I was on the other side of the river the other night and out of the corner of my eye I caught a glimpse of this kid waiting impatiantly outside of the Pyramid. He was draped in dog chains, glitter makeup, a mesh pullover, and he was wearing his game on his sneakers. I laughed so hard that I lost control of the car and plowed an old lady into the side of a drug store.
And yet, after I stifled my hysterics, that being a few weeks after the preliminary litigation, I couldn't help but contemplate that mesh pullover. That poor child had become so bored and trendy that the Pyramid had become his culture. I'm a sensitive guy, sometimes I worry about the lemmings. Hell, somebody has to do something, I think Britney Spears was nominated for a grammy and that's not the world I want to be living in.
Back to the problem at hand, let's break this down. If you're under eighteen, or a complete loser, or a high school dropout, or basically your average Manch-Vegian teenager, what are your Friday night activity options? For the sake of argument, let's rule out the possibility of the average teenager sitting at home and reading a book.
What's left? The options seem sad indeed: If it's not the Pyramid, it's smoking up in Livingston Park, it's cruising Elm in the primitive aggression mobile, it's taunting Victory Park vagrants, it's useless vandalism, it's sexual frustration and expirementation, and it's pushing the limits for effect. Yeah, I'm shocked too, apparently stamp-collecting doesn't hold the audience that it once did.

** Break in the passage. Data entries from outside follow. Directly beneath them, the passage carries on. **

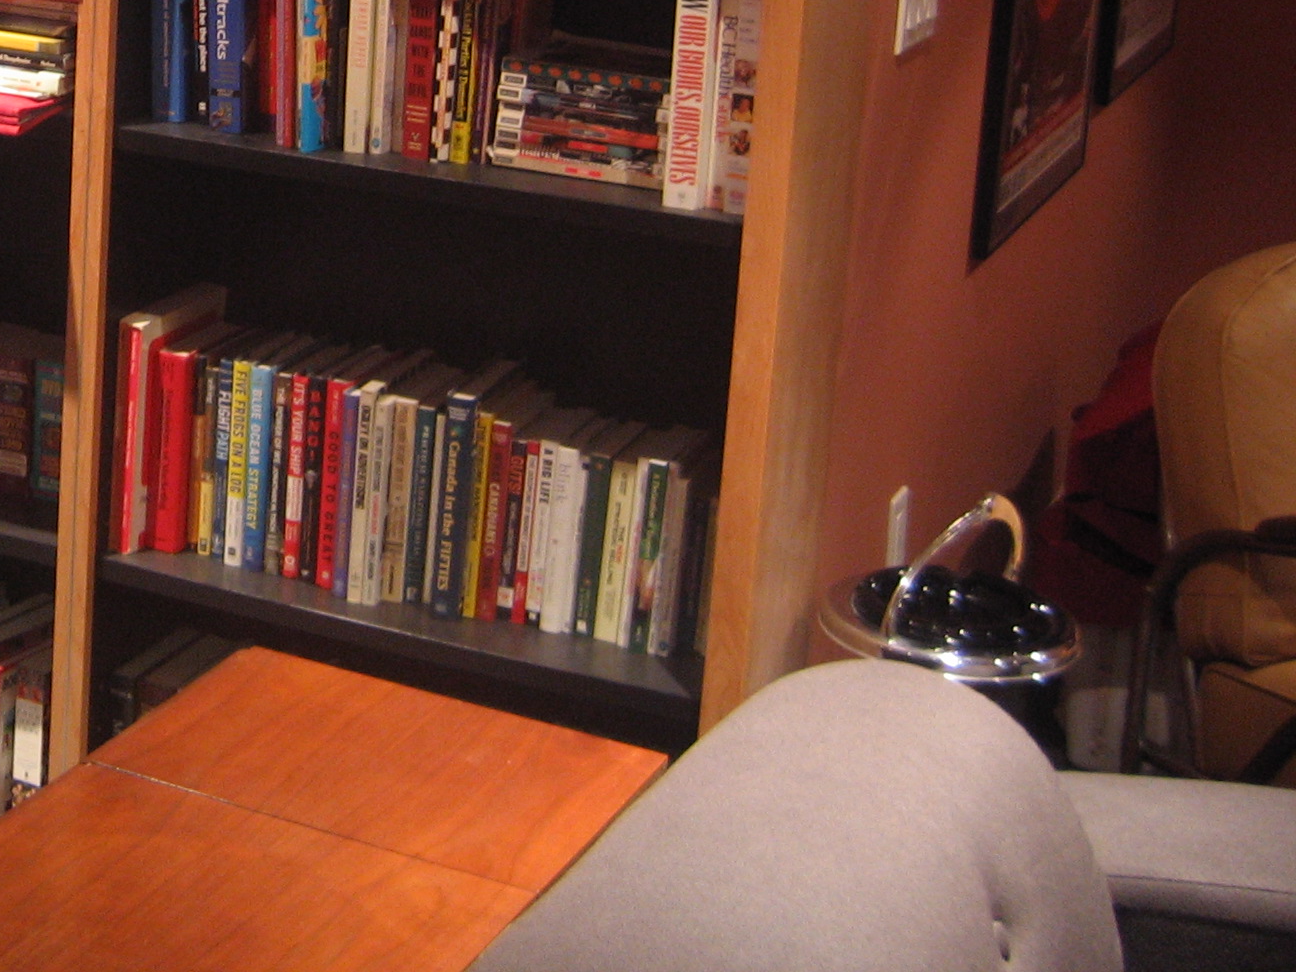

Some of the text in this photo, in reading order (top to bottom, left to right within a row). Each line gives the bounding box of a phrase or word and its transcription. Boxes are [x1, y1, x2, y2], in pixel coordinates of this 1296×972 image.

[198, 12, 208, 26] be
[678, 15, 708, 47] OUR
[722, 15, 739, 41] BC
[197, 27, 208, 44] the
[196, 45, 207, 73] place
[460, 36, 472, 68] Parties
[669, 106, 702, 186] OURSELVES
[275, 387, 285, 404] THE
[215, 390, 232, 460] FLIGHT PATH
[230, 370, 247, 493] FIVE FROGS ON A LOG
[273, 405, 285, 436] POWER
[289, 382, 304, 474] IT'S YOUR SHIP
[246, 387, 265, 530] BLUE OCEAN STRATEGY
[272, 449, 282, 465] WE
[273, 437, 283, 448] OF
[359, 437, 369, 451] ON
[355, 452, 369, 509] ADVERTISING
[508, 455, 524, 495] GUTS!
[541, 459, 554, 478] BIG
[322, 431, 339, 562] GOOD TO GREAT
[539, 481, 552, 505] LIFE
[436, 441, 463, 590] Canada in the FIFTIES
[485, 482, 501, 544] CANADIANS
[617, 526, 626, 541] THE
[606, 549, 618, 586] SELLING
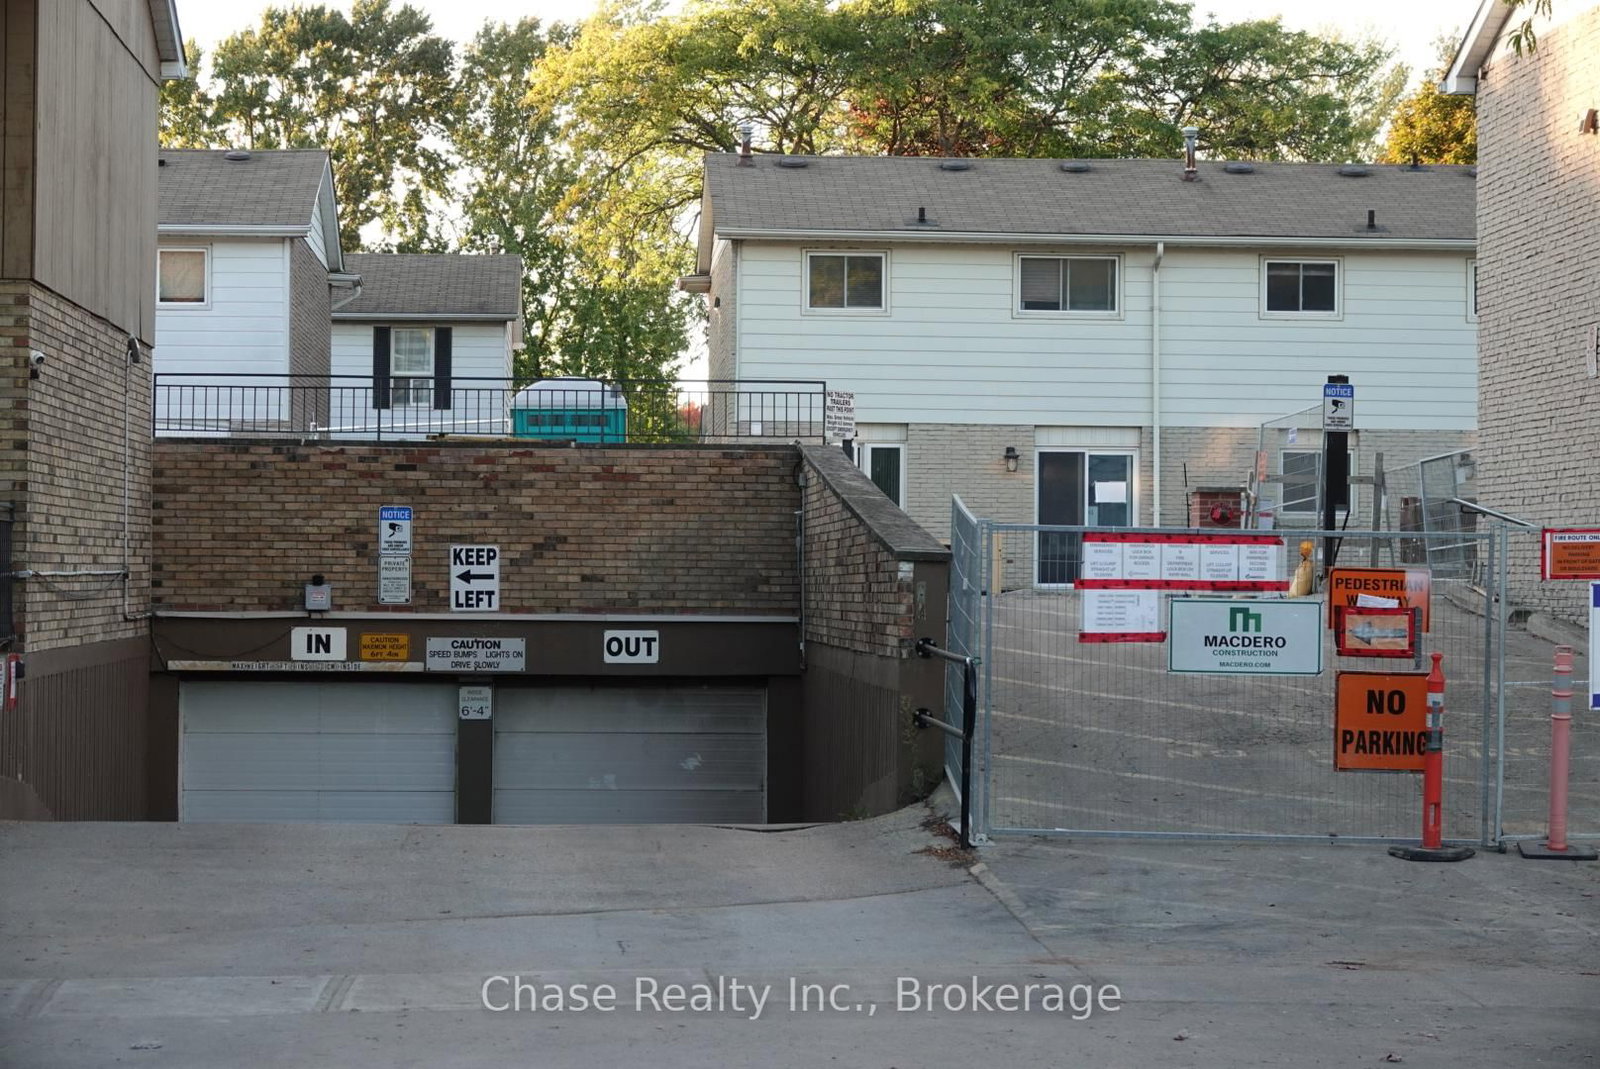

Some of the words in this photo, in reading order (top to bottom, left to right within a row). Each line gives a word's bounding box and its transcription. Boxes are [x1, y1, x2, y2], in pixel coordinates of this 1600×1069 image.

There really isn't much offered for the youth and burnouts of Manch-Vegas. I don't have any answers, and most of the time I don't understand the questions. But what I do know is that we should give these morons something to do, or pay that damn pied piper to drown all the trendies in the Merrimack. Hmm, maybe we can trick the piper into killing the kids and then not pay him... then maybe he'll kill the rats out of spitefull revenge and we'll never hear from the Mayor or the Board of Aldermen ever again.